Reproduce the data in full, exactly.

Referring expression grounding data
※

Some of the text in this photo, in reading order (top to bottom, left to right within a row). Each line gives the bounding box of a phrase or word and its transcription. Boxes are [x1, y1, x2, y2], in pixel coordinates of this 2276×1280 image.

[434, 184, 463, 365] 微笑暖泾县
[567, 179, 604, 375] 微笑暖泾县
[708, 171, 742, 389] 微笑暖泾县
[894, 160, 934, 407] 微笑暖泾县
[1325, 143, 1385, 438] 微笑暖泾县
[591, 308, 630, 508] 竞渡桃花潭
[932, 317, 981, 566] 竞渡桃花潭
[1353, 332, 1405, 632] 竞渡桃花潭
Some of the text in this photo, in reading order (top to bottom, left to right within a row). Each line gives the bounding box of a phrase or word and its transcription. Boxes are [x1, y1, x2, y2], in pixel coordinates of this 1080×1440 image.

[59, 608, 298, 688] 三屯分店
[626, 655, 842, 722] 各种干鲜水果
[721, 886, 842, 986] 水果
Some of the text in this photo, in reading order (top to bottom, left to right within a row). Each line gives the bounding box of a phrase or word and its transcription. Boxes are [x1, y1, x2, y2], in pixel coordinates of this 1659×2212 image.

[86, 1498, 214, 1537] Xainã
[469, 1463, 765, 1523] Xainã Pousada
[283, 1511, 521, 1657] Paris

※

The completed task
Some of the text in this photo, in reading order (top to bottom, left to right within a row). Each line gives the bounding box of a phrase or word and its transcription. Boxes are [x1, y1, x2, y2], in pixel coordinates of this 2276×1280 image.

[434, 184, 463, 365] 微笑暖泾县
[567, 179, 604, 375] 微笑暖泾县
[708, 171, 742, 389] 微笑暖泾县
[894, 160, 934, 407] 微笑暖泾县
[1325, 143, 1385, 438] 微笑暖泾县
[591, 308, 630, 508] 竞渡桃花潭
[932, 317, 981, 566] 竞渡桃花潭
[1353, 332, 1405, 632] 竞渡桃花潭
Some of the text in this photo, in reading order (top to bottom, left to right within a row). Each line gives the bounding box of a phrase or word and its transcription. Boxes are [x1, y1, x2, y2], in pixel coordinates of this 1080×1440 image.

[59, 608, 298, 688] 三屯分店
[626, 655, 842, 722] 各种干鲜水果
[721, 886, 842, 986] 水果
Some of the text in this photo, in reading order (top to bottom, left to right within a row). Each line gives the bounding box of a phrase or word and its transcription. Boxes are [x1, y1, x2, y2], in pixel coordinates of this 1659×2212 image.

[86, 1498, 214, 1537] Xainã
[469, 1463, 765, 1523] Xainã Pousada
[283, 1511, 521, 1657] Paris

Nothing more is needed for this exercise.